I stayed out for a while, trying to enjoy the dark silhouette of the mountains and valleys nearby, but it was very cold and I had started to shiver, so I went in looking for some warmth in Lakpa's wood-fire kitchen. After taking a sip of raksi (rice wine) he said, "Those are newly built houses, they were not there earlier. But soon there will be many more." He went on to explain his understanding of village expansion: "People got married; now they cannot live together with the family. Nuclear family is the reason; everyone wants to build their own house." The property, mostly land, in the hills of Sikkim gets distributed among the siblings. Many people use it when they want to build a new house, while some prefer to save it for the future. Five children for a family can translate to five more houses in the near future for which they would likely have to use a patch of land that was earlier designated for agriculture. Lakpa started counting the probable number of houses he expected would be built on that hillside in the next year. He reminisced about seeing bharal, or Himalayan blue sheep, every time he would go down to the river, and tried to recall the last time he had seen a musk deer near the village. He then promised to show me around the following day.

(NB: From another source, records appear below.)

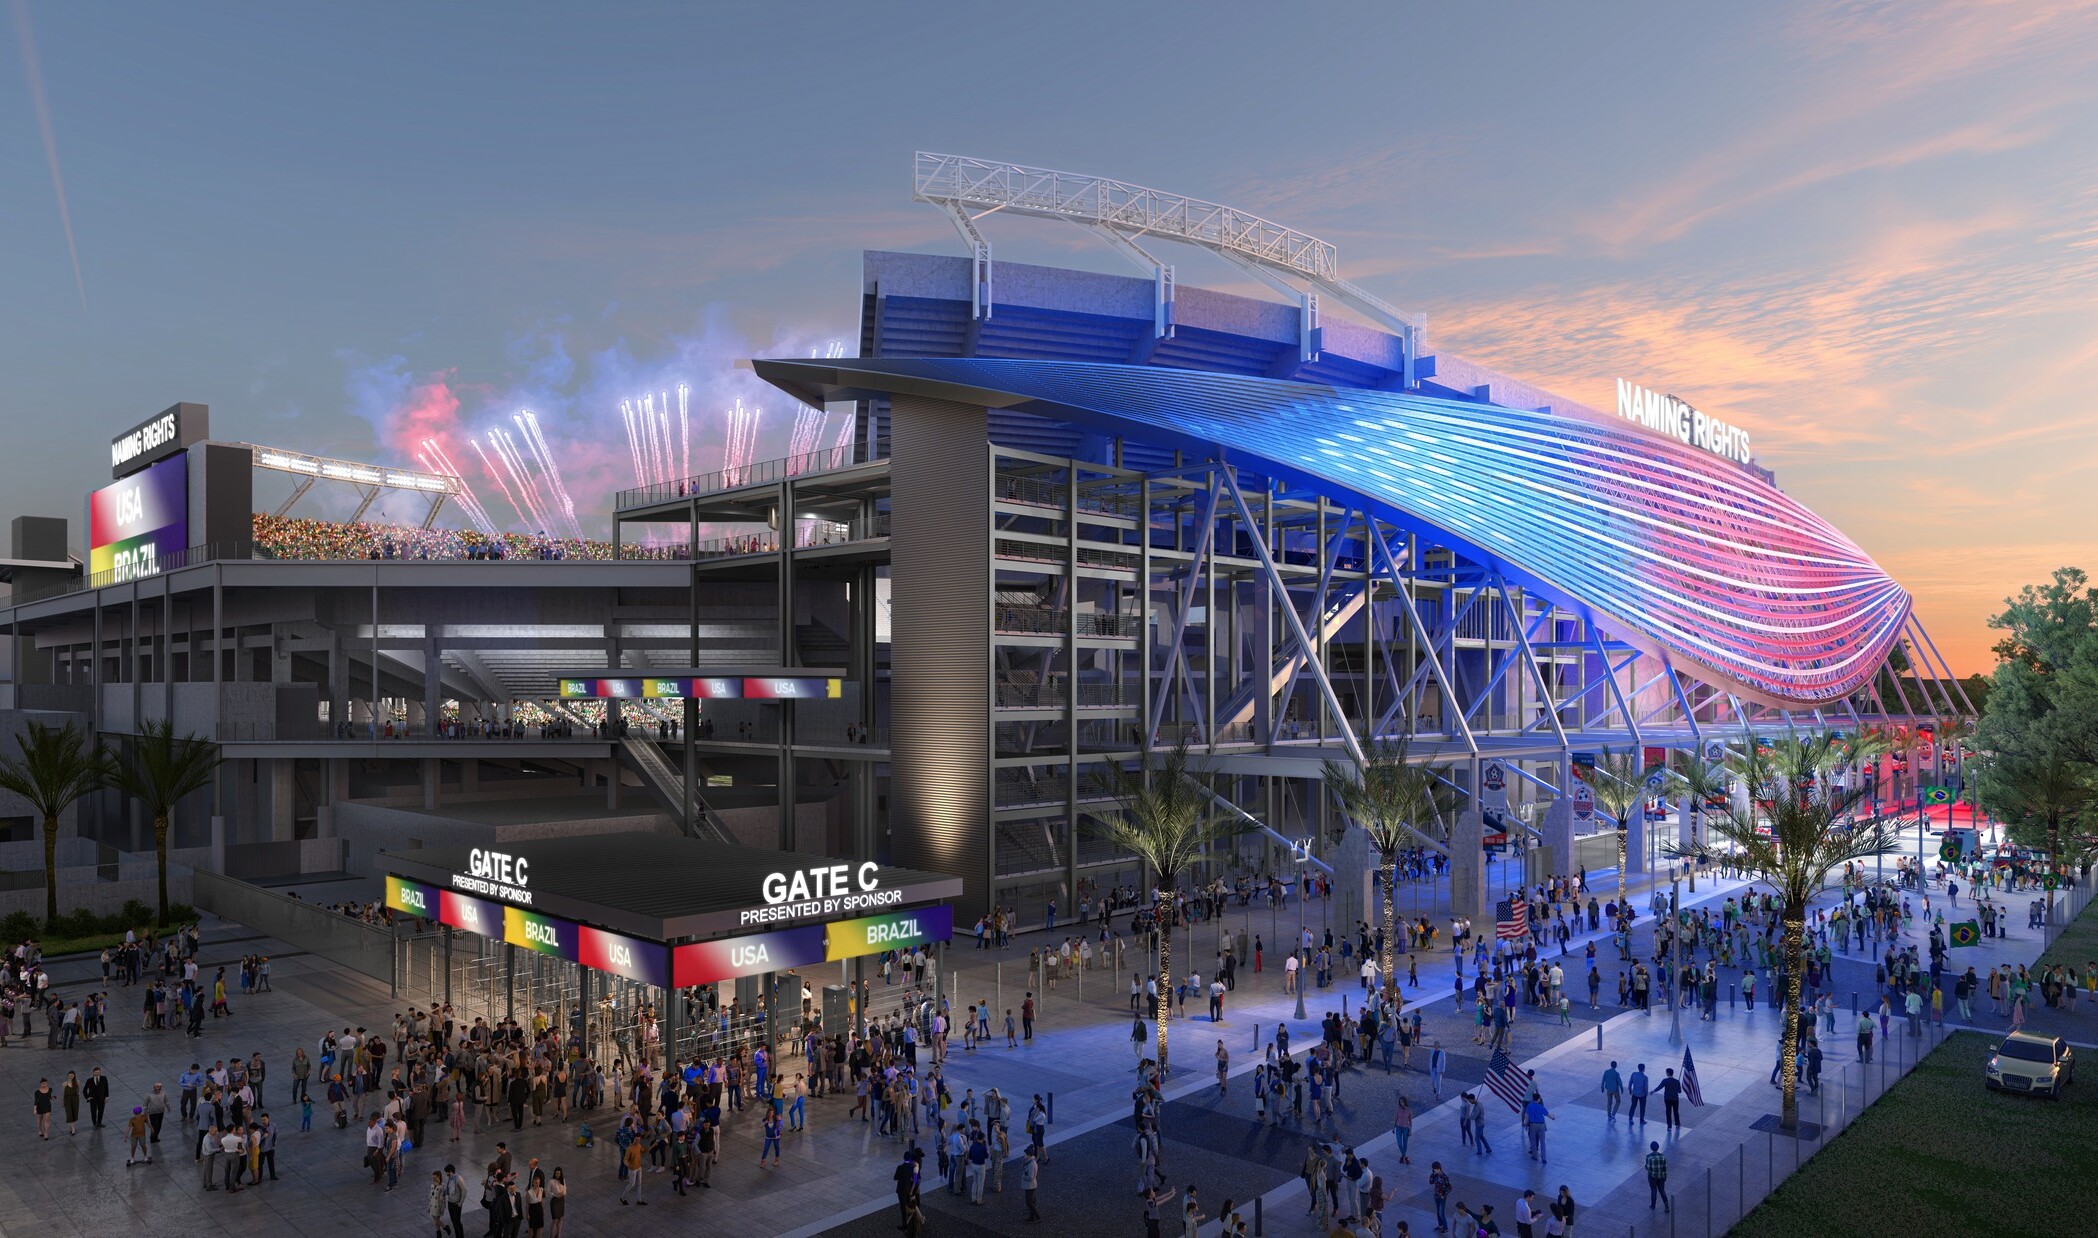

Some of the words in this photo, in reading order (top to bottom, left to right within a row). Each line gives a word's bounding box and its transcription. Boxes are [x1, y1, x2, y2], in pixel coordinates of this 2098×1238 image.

[112, 430, 142, 467] NAMING
[143, 413, 175, 452] RIGHTS
[1616, 377, 1690, 445] NAMING
[1693, 410, 1750, 465] RIGHTS
[116, 486, 143, 527] USA
[114, 542, 160, 584] BRAZIL
[567, 683, 586, 693] BRAZIL
[612, 683, 624, 693] USA
[657, 683, 680, 694] BRAZIL
[711, 683, 726, 693] USA
[774, 683, 796, 694] USA
[470, 848, 512, 884] GATE
[515, 857, 528, 886] C
[762, 864, 849, 904] GATE
[858, 861, 879, 892] C
[452, 874, 489, 894] PRESENTED
[489, 883, 499, 896] BY
[499, 885, 532, 905] SPONSOR
[740, 901, 821, 925] PRESENTED
[824, 898, 842, 913] BY
[843, 890, 902, 910] SPONSOR
[400, 887, 426, 909] BRAZIL
[461, 903, 478, 924] USA
[525, 920, 559, 947] BRAZIL
[608, 943, 632, 968] USA
[731, 944, 769, 967] USA
[867, 918, 922, 945] BRAZIL

I got up early the next morning and walked to the hilltop to get a better view of the landscape with Lakpa. I was introduced to some of the villagers and also to my local guide Pema, a man in his early thirties who had finished his bachelor's degree and had to return to the village because of family responsibilities. After some formal exchanges, the villagers responded to my interest and started talking about the reasons for forest fragmentation and depletion. According to them, the increased demand for land related to various purposes such as building houses, agriculture and road building, along with natural disasters like earthquakes and landslides had resulted in the fragmentation of forest areas. Nearly 50 percent of Sikkim is covered with forest, most of which lies outside protected areas, in a highly dynamic, human-dominated landscape in the form of Khasmal, Gaucharan, reserve forest and private forest. In Khasmal forests, local people have free access to procure required timber and firewood after obtaining formal permission from the Forest Department, while Gaucharan areas allow for animal grazing and collection of deadwood and fodder. However, in the case of Sikkim, grazing is not permitted except for a few sites.

Human and ecosystem benefits
While highlighting the value of forest fragments, the villagers explained that even building materials for construction – planks, building poles, bamboo, etc. – come from forest areas, both private and government controlled, with prior approval from the concerned department for extraction. People depend heavily upon these forest patches in deriving materials for their daily needs such as fuel wood, fodder, food, medicines, and dry leaves to mix with cow dung to make manure, among other things. Some people even collect and sell non-timber forest products (NTFP) including vegetables like ferns, mushrooms, bamboo shoots, and fruits like wild avocado, lapsi (Nepali hog plum), and acorns from the forest patches for their sustenance. Apart from these direct benefits, many forest patches contribute valuable ecosystem services such as providing drinking water sources and pollination and dispersal to cash crops, while wild plants help to regulate an area's micro-climate and at the same time enhance the aesthetic quality.